Robert Antelme entre en 1943 dans la Résistance. Il est membre du groupe M.N.P.D.G., que dirige François Mitterrand. Arrêté par la Gestapo, emprisonné à Fresnes, il est déporté en juin 1944 et reste près d'un an prisonnier des camps nazis (Buchenwald, Dachau). À partir de cette « expérience », un mot à entendre dans le sens plein qu'ont pu lui donner Bataille et Blanchot, Robert Antelme écrivit L'Espèce humaine. Ce livre, le seul d'Antelme, n'est pas un témoignage, encore moins un récit, sur les camps de concentration mais un livre des camps, un livre dont on peut croire qu'il a commencé d'être écrit là-bas, pour lutter chaque jour, de manière muette et tenace, contre des hommes, les S.S., qui auraient voulu nier l'humanité de ces autres hommes qu'étaient les prisonniers. Vaine volonté : les S.S. pouvaient rayer les noms, effacer les visages, réduire à l'animalité, tuer, mais ils ne pouvaient pas changer l'être humain en autre chose. « Il n'y a pas d'ambiguïté, écrit Antelme, nous restons des hommes, nous ne finirons qu'en hommes. C'est parce que nous sommes des hommes comme eux que les S.S. seront en définitive impuissants devant nous. » Mais être homme, ici, cela ne veut dire que continuer de vivre, dans la brûlure de la faim, des blessures, d'une peur atroce et nue : vivre, vivre seulement, c'est alors tout le sacré. Maurice Blanchot, dans les pages qu'il consacre à L'Espèce humaine dans L'Entretien infini, parle de « l'égoïsme sans ego » de ces hommes acharnés à survivre, attachés à la vie mais comme de manière impersonnelle. Le prisonnier des camps, toujours près de sombrer dans la folie et dans la haine, totalement incapable de répondre à ses bourreaux, ne trouve refuge que dans le sentiment d'appartenance à l'espèce, un sentiment que rien ne peut annuler. Autrui devient le seul garant de mon existence et par ce lien d'humanité fragile « l'homme reste l'indestructible ».

En avril 1945, grâce à l'aide du secrétaire d'État aux Réfugiés et Déportés, François Mitterrand, Robert Antelme est arraché du mouroir pour typhiques de Dachau.

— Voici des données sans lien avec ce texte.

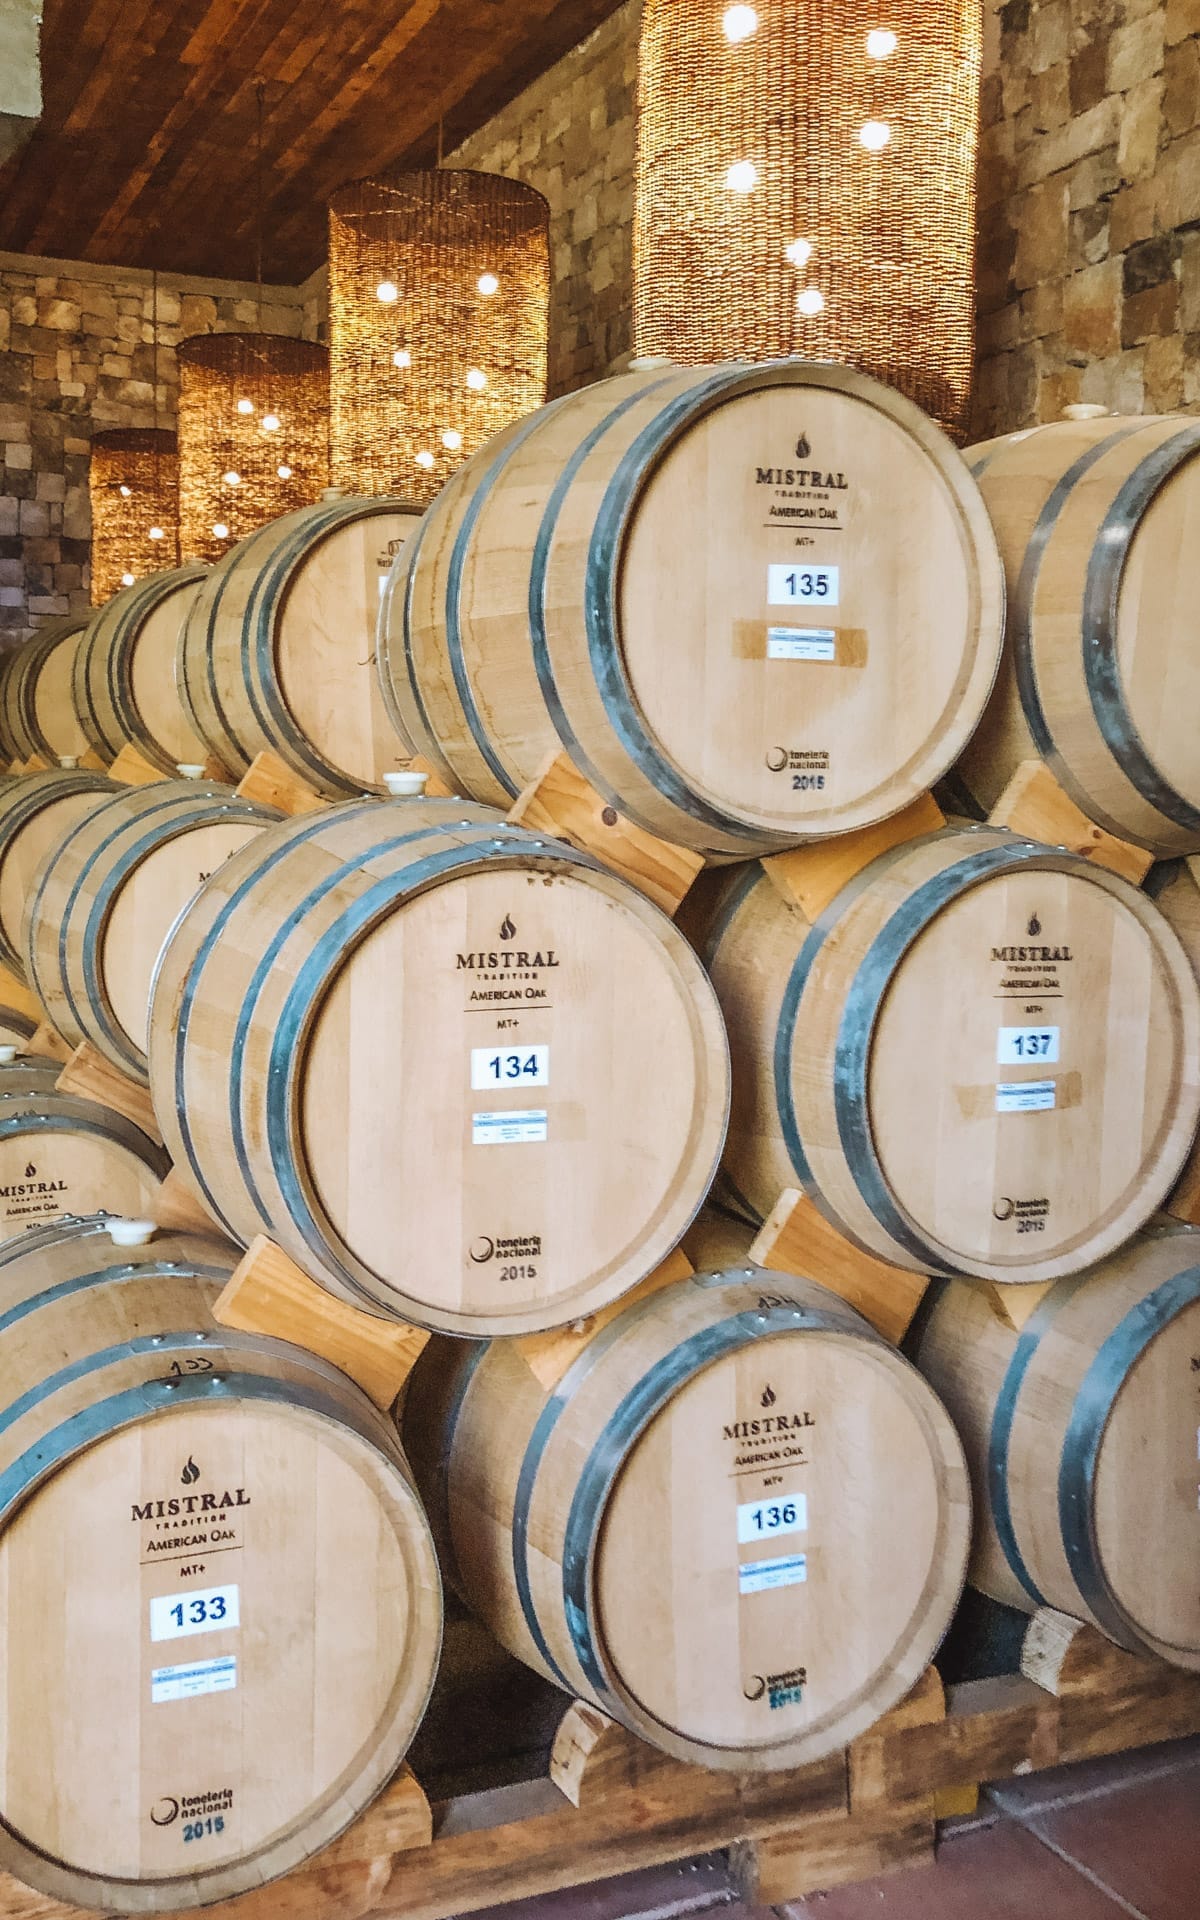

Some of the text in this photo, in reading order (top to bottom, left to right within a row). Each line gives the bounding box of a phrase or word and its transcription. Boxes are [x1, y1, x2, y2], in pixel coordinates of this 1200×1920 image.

[755, 467, 848, 489] MISTRAL
[785, 573, 829, 596] 135
[792, 775, 825, 790] 2015
[456, 951, 560, 970] MISTRAL
[991, 946, 1073, 961] MISTRAL
[470, 987, 547, 1001] AMERICAN OAK
[497, 1019, 519, 1029] MT+
[1014, 1034, 1052, 1055] 137
[489, 1054, 538, 1079] 134
[0, 1180, 68, 1197] MISTRAL
[496, 1245, 541, 1258] nacional
[499, 1264, 537, 1281] 2015
[722, 1411, 816, 1440] MISTRAL
[131, 1489, 251, 1521] MISTRAL
[156, 1514, 227, 1531] TRADITION
[752, 1503, 797, 1531] 136
[146, 1529, 236, 1553] AMERICAN OAK
[180, 1564, 206, 1577] MT+
[170, 1596, 227, 1627] 133
[181, 1798, 233, 1819] nacional
[183, 1816, 225, 1842] 2015

Marguerite Duras, alors son épouse, a raconté ce « sauvetage » dans La Douleur. Dès son retour à Paris, cet homme entre la vie et la mort – il pèse trente-cinq kilos, sa chair est translucide – va parler, continûment, de jour comme de nuit. Parler pour tenter de dire l'inimaginable qui, alors, était déjà réel. « Nous voulions parler, être entendus enfin. Et cependant, à peine commencions-nous à raconter, que nous suffoquions », écrit Antelme.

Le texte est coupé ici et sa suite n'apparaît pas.